Figure 4.

Inhibition of GSK-3β regulates primary degranulation by avian heterophils stimulated with S. Enteritidis. Heterophils were pre-incubated with LiCl for 1 h and then stimulated with various MOI of S. Enteritidis for 1 h at 41°C. Heterophils (8 × 10⁶) were incubated with either RPMI 1640 medium alone or the GSK inhibitor, LiCl at room temperature for 1 h. The heterophils were then stimulated with various MOI of S. Enteritidis (1, 10, or 100) for 1 h at 41°C. The reaction was stopped by transferring the tubes containing the cells to an ice bath for 5–10 min. The cells were then centrifuged at 250 g for 10 min at 4°C. The supernatants were then removed and used for the assay. A 25 μl aliquot of each supernatant was added to quadruplicate wells in a non-treated, black CoStar flat-bottom ELISA plate and incubated with 50 μl of freshly prepared substrate (10 mM 4-methylumbelliferyl-β-D-glucuronide, 0.1% Triton X-100 in 0.1M sodium acetate buffer) for 4 h at 41°C. The reaction was stopped by adding 200 μl of stop solution (0.05M glycine and 5 mM EDTA; pH 10.4) to each well.
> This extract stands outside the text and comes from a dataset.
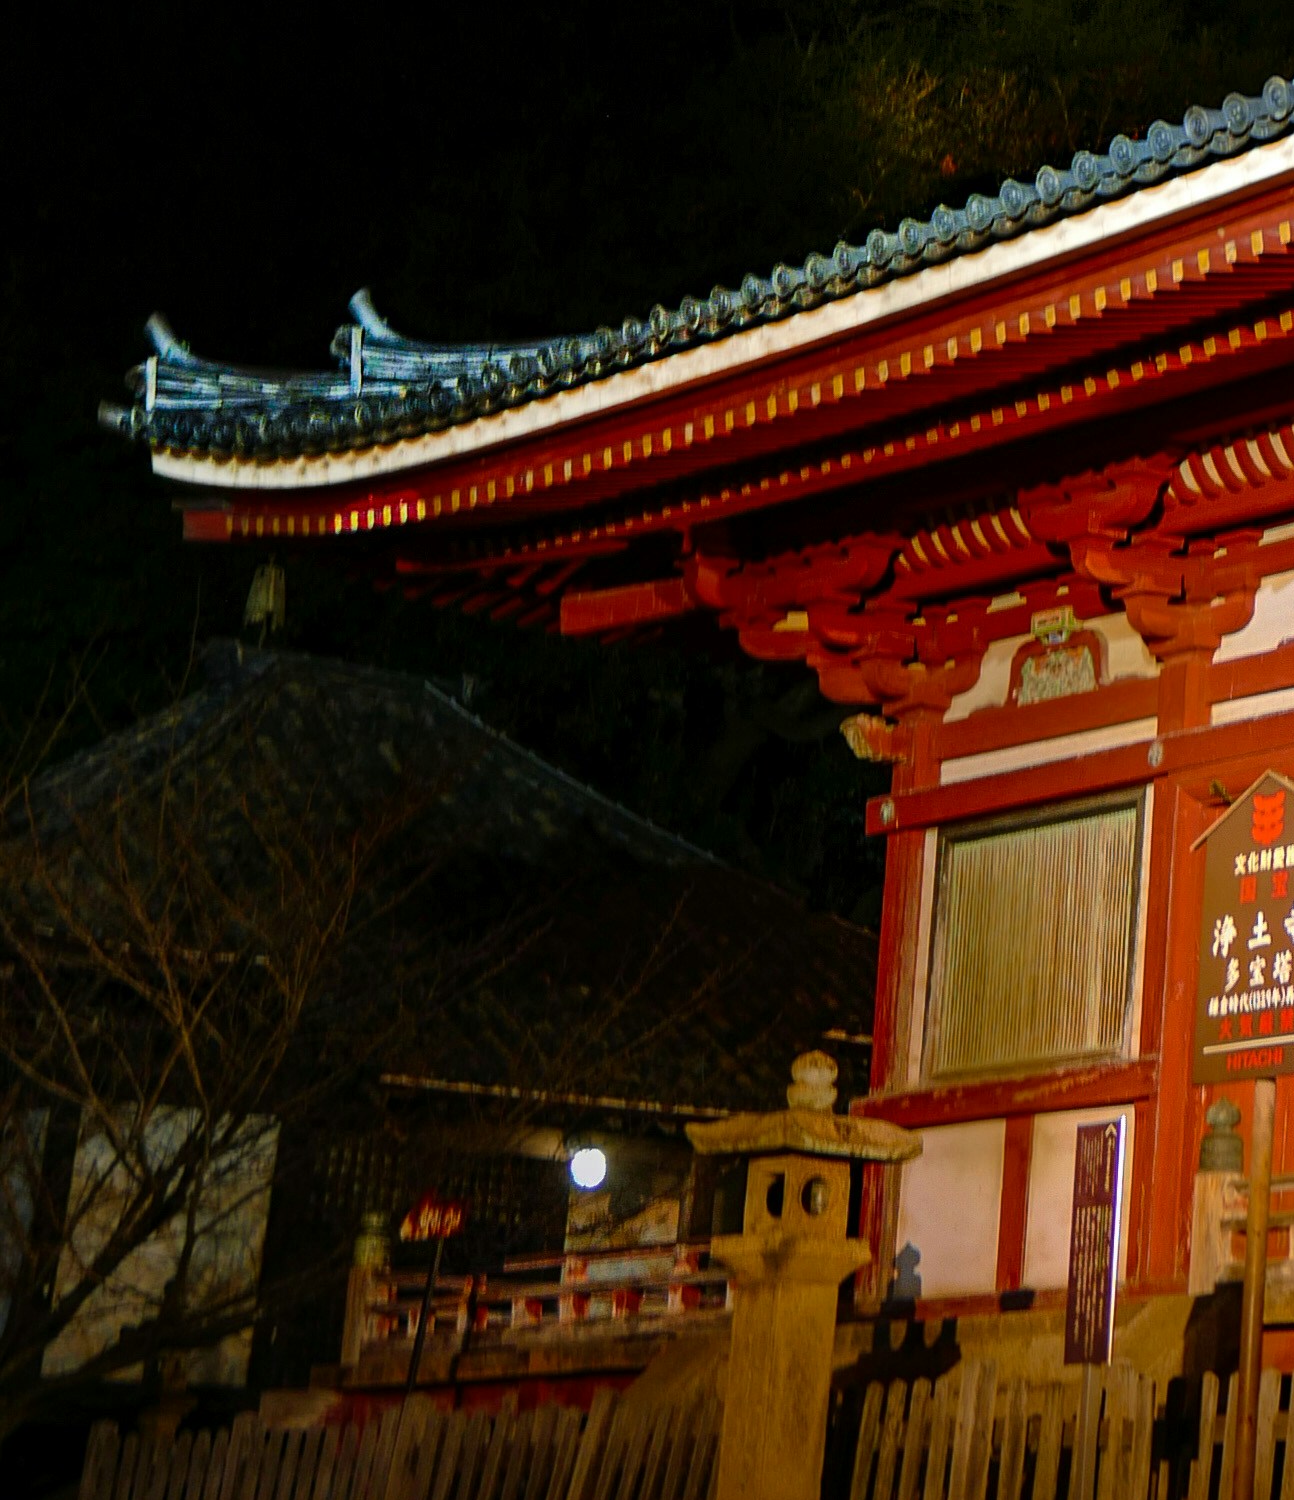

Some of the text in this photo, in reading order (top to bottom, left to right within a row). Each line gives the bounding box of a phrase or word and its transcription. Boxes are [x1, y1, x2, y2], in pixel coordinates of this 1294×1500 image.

[1224, 949, 1293, 993] 多宝塔
[1226, 1046, 1283, 1073] HITACHI
Liberated 4-methylumbelliferone was measured fluorimetrically (excitation wavelength of 355 nm and an emission wavelength of 460 nm) with a GENios Plus Fluorescence Microplate Reader (TECAN US Inc., Research Triangle Park, NC, USA). These values were converted to micromoles of 4-methylumbelliferone generated using a standard curve of known concentrations. *p ≤ 0.01.